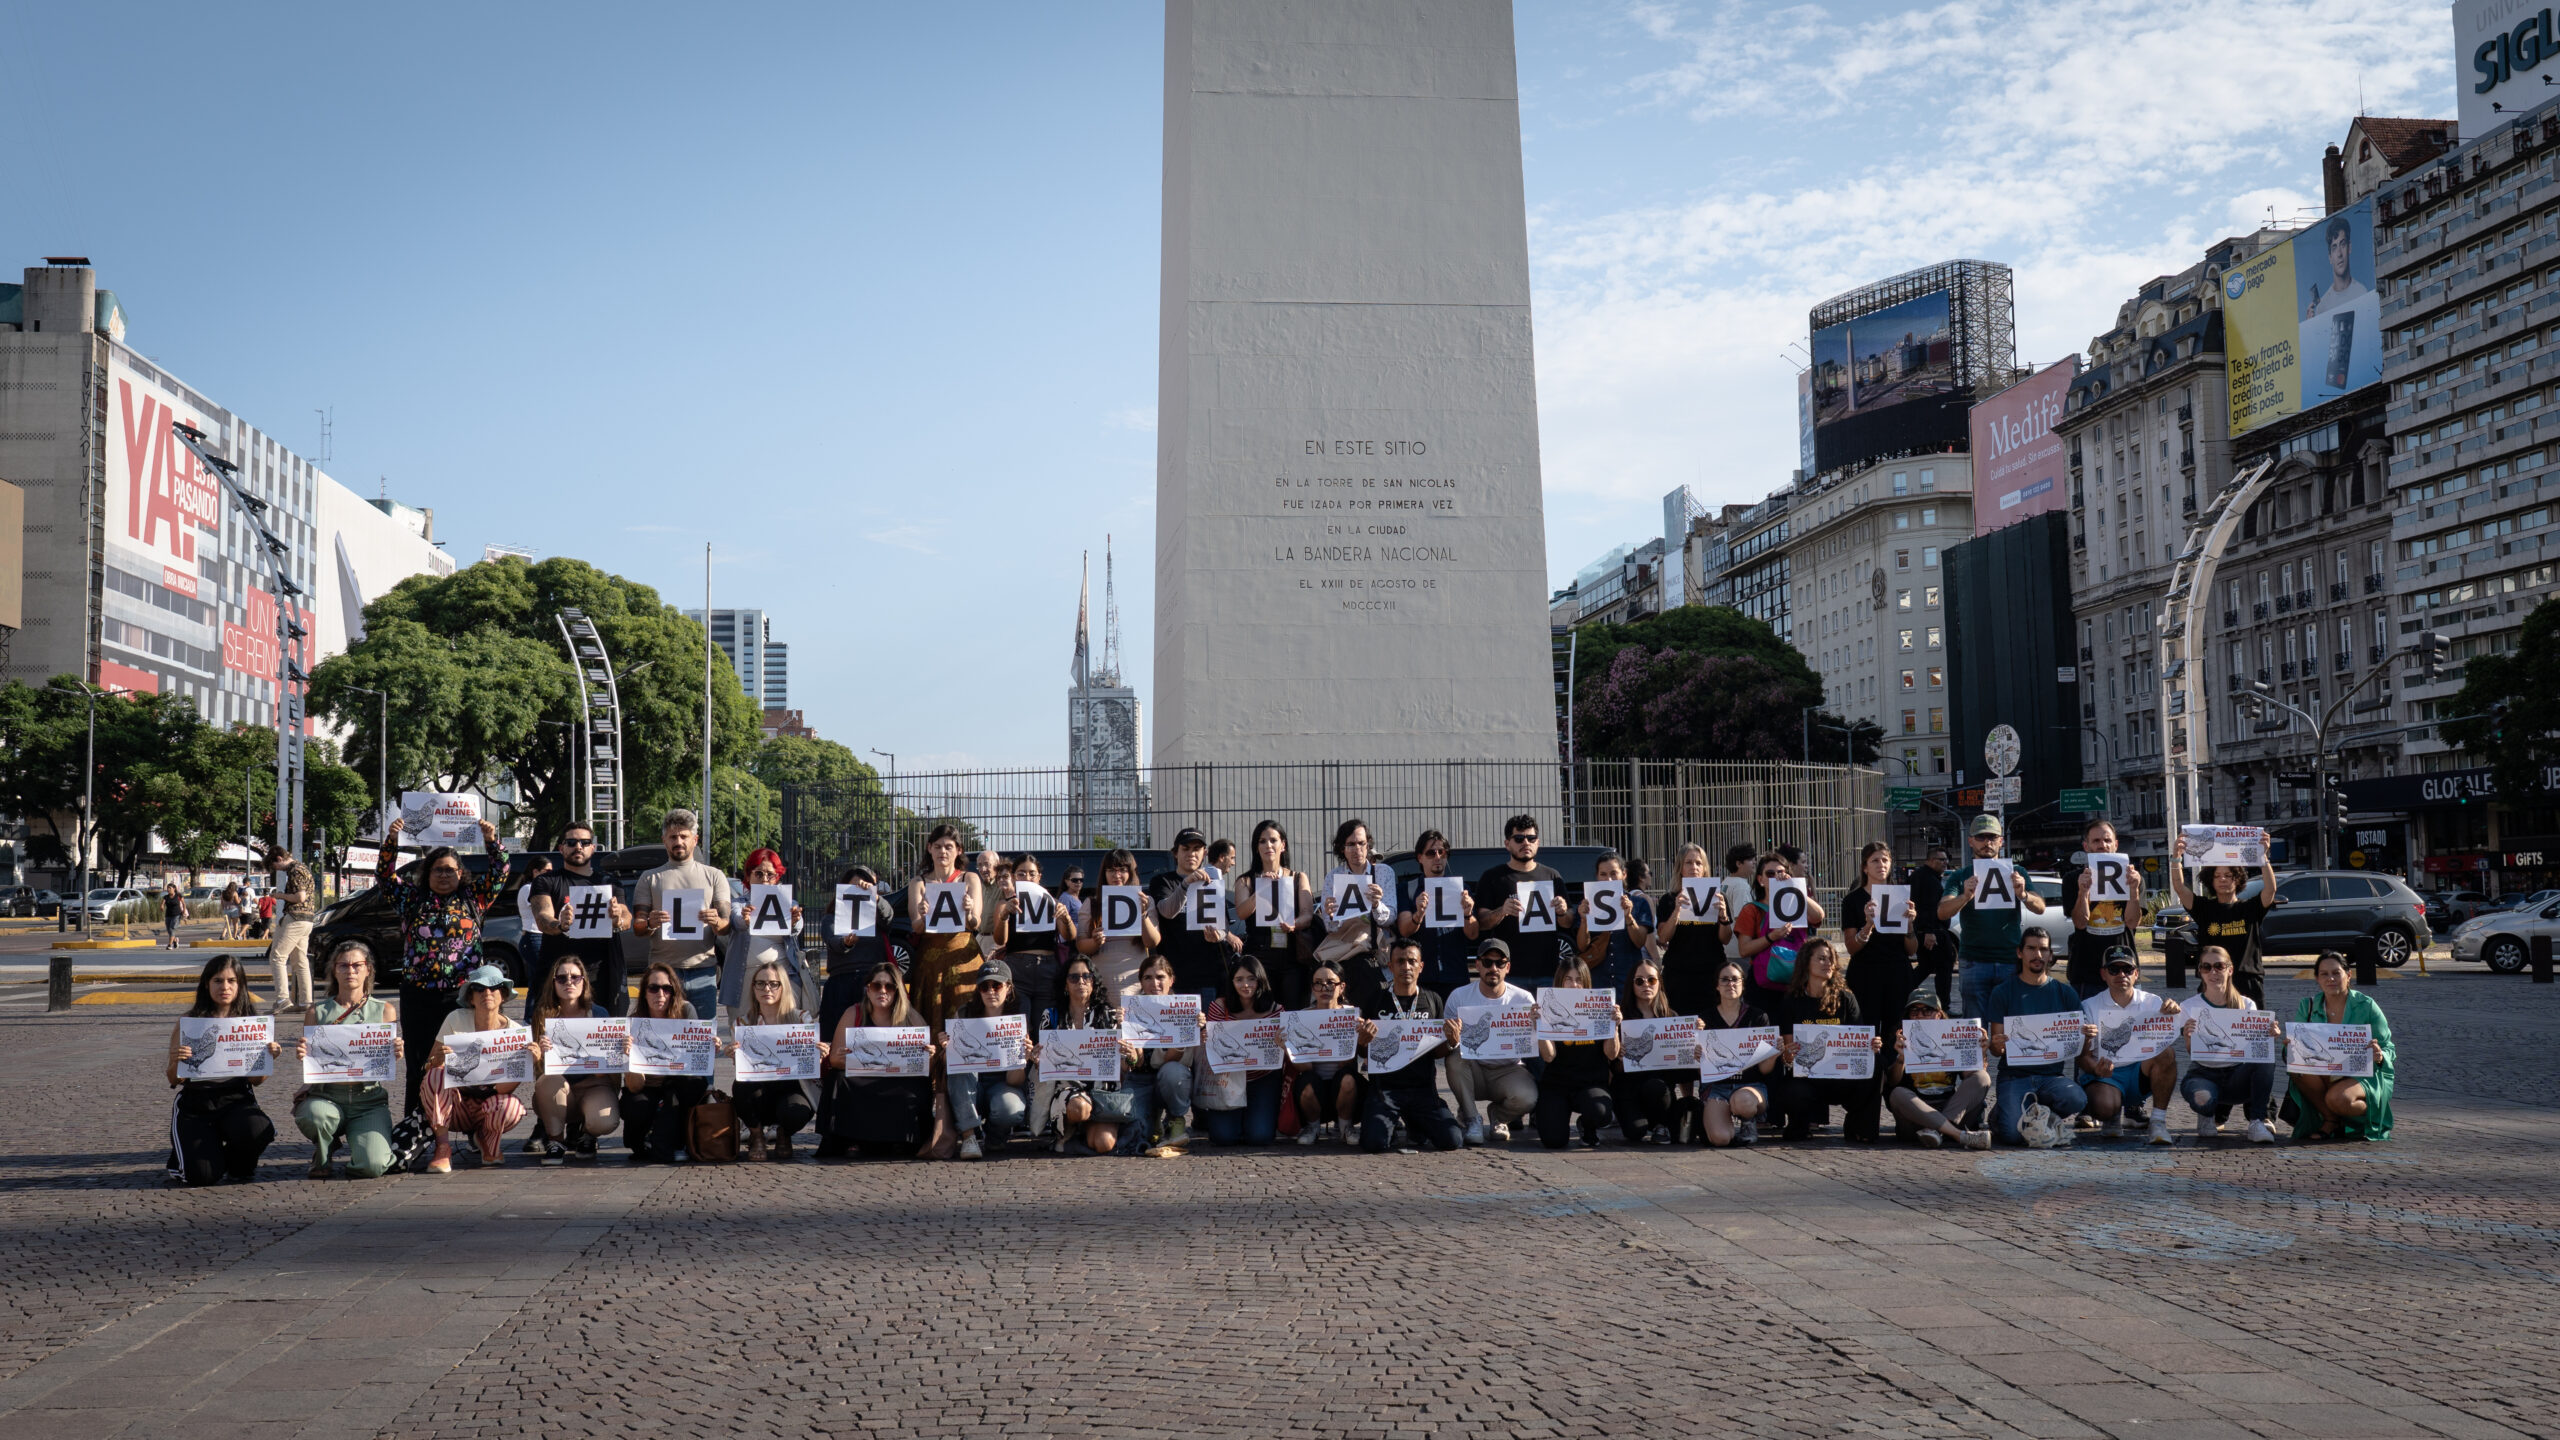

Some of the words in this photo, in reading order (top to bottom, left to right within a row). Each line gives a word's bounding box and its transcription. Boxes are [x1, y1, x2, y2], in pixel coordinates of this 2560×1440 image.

[2476, 0, 2529, 32] UNIV
[2474, 8, 2560, 94] SIGL
[2246, 254, 2276, 278] mercado
[2246, 274, 2264, 292] pago
[2231, 359, 2242, 374] Te
[2244, 353, 2258, 368] soy
[2260, 340, 2291, 361] franco,
[2232, 372, 2250, 390] esta
[2252, 360, 2280, 381] tarjeta
[2282, 353, 2294, 368] de
[2232, 384, 2262, 405] crédito
[2264, 379, 2274, 392] es
[2233, 400, 2257, 424] gratis
[2260, 391, 2284, 414] posta
[1990, 390, 2060, 460] Medifé
[1305, 440, 1325, 455] EN
[1335, 440, 1374, 455] ESTE
[1385, 440, 1426, 455] SITIO
[118, 377, 196, 563] YA!
[1276, 478, 1289, 488] EN
[1296, 478, 1310, 488] LA
[1317, 478, 1353, 488] TORRE
[1363, 478, 1376, 488] DE
[1383, 478, 1402, 488] SAN
[1410, 478, 1455, 488] NICOLAS
[174, 476, 217, 525] PASANDO
[1283, 500, 1304, 510] FUE
[1311, 500, 1342, 510] IZADA
[1350, 500, 1372, 510] POR
[1379, 500, 1424, 510] PRIMERA
[1432, 500, 1453, 510] VEZ
[1327, 526, 1341, 535] EN
[1348, 526, 1361, 535] LA
[1368, 526, 1406, 535] CIUDAD
[1275, 547, 1294, 561] LA
[1304, 547, 1372, 561] BANDERA
[1381, 547, 1457, 561] NACIONAL
[164, 570, 177, 587] OBRA
[177, 574, 196, 594] INICIADA
[1300, 580, 1312, 588] EL
[1321, 580, 1343, 588] XXIII
[1350, 580, 1364, 588] DE
[1371, 580, 1416, 588] AGOSTO
[1423, 580, 1436, 588] DE
[1342, 601, 1396, 610] MDCCCXII
[225, 628, 243, 668] SE
[2422, 773, 2496, 800] GLOALE
[2356, 830, 2384, 848] TOSTADO
[1978, 868, 2012, 903] A
[2097, 861, 2126, 894] R
[575, 894, 606, 929] #
[673, 898, 696, 933] L
[753, 894, 788, 929] A
[843, 894, 870, 930] T
[929, 891, 962, 926] A
[1018, 892, 1055, 924] M
[1108, 894, 1138, 929] D
[1197, 889, 1217, 924] E
[1264, 881, 1278, 921] J
[1337, 884, 1367, 916] A
[1435, 887, 1457, 921] L
[1522, 891, 1552, 926] A
[1593, 890, 1617, 925] S
[1687, 886, 1717, 916] V
[1773, 887, 1806, 922] O
[1880, 894, 1901, 927] L
[231, 1024, 266, 1033] LATAM
[1501, 1012, 1530, 1020] LATAM
[1664, 1023, 1694, 1032] LATAM
[217, 1033, 267, 1042] AIRLINES:
[349, 1039, 391, 1047] AIRLINES:
[481, 1044, 528, 1055] AIRLINES:
[493, 1035, 526, 1044] LATAM
[986, 1030, 1023, 1038] AIRLINES:
[1244, 1031, 1277, 1039] AIRLINE
[1654, 1032, 1695, 1040] AIRLINES:
[1748, 1034, 1775, 1042] LATAM
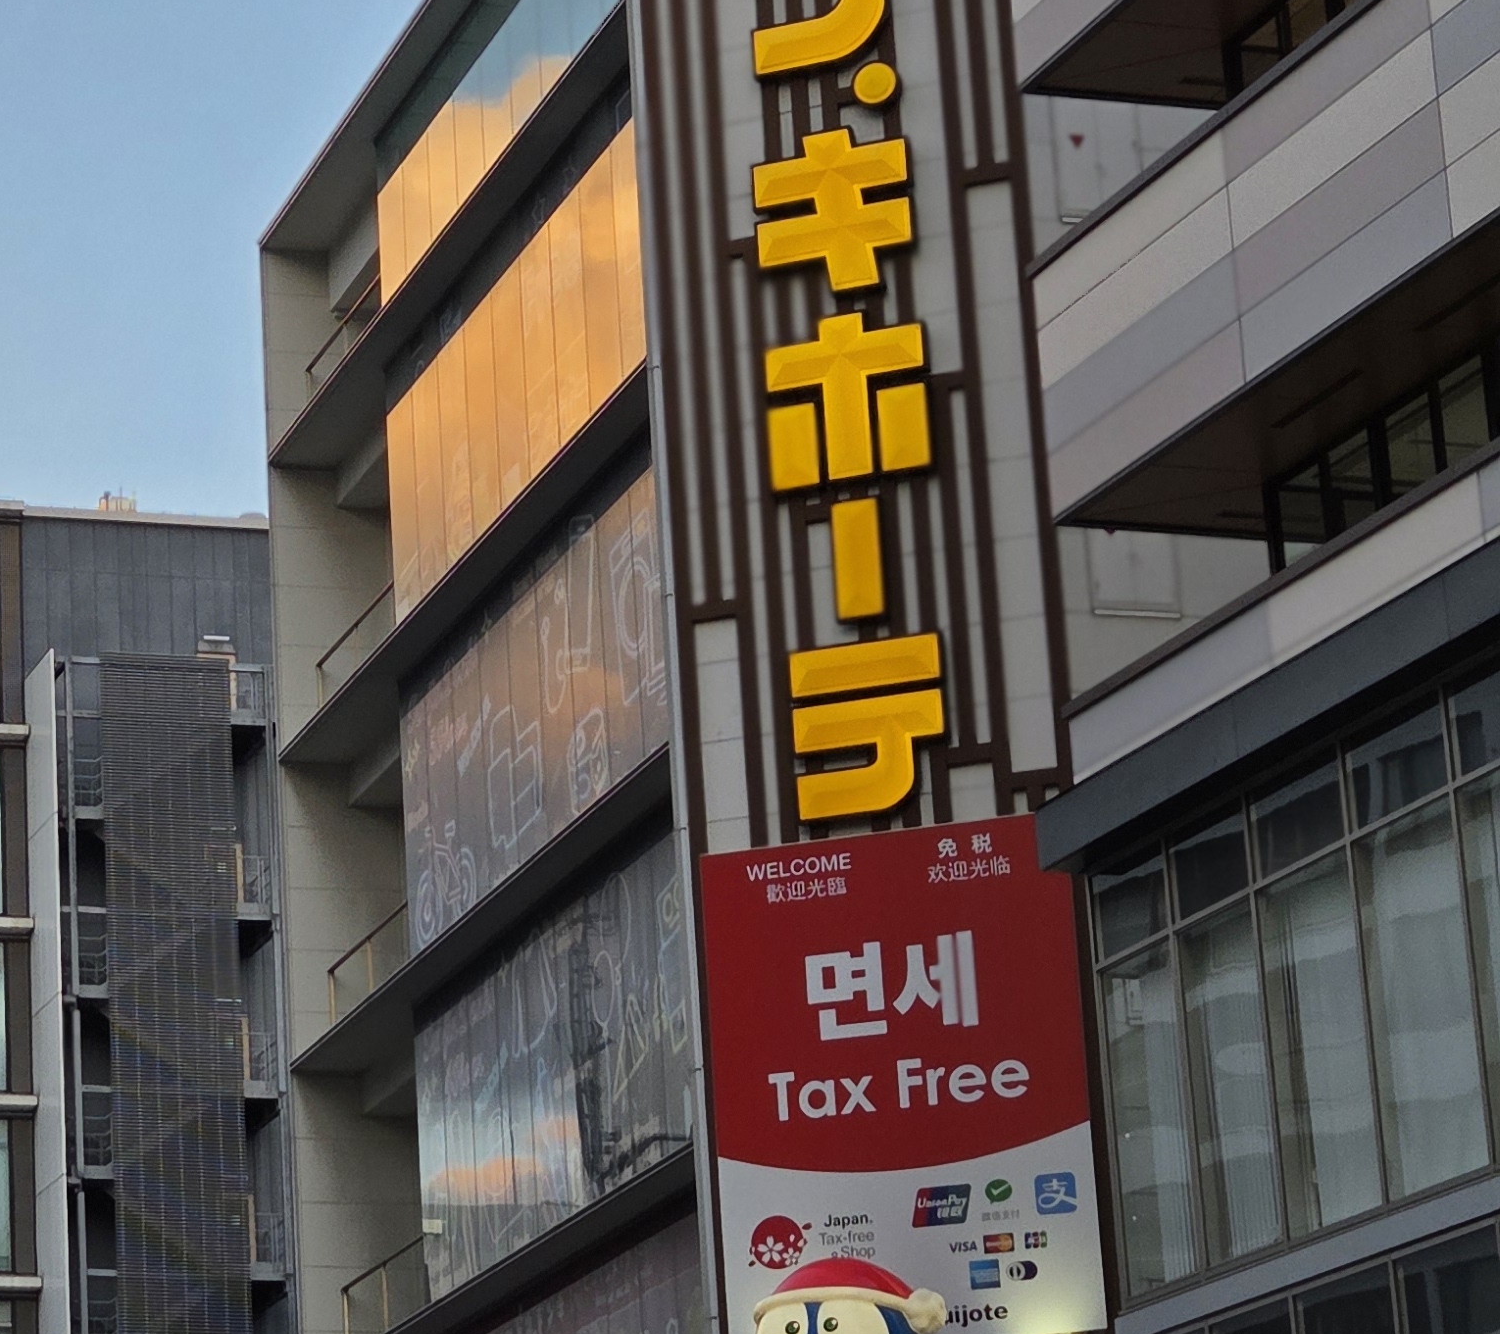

**Work request**.
Filter these records, keeping every line where the word "AIRLINES" occurs.

**Solution**.
[217, 1033, 267, 1042] AIRLINES:
[349, 1039, 391, 1047] AIRLINES:
[481, 1044, 528, 1055] AIRLINES:
[986, 1030, 1023, 1038] AIRLINES:
[1654, 1032, 1695, 1040] AIRLINES:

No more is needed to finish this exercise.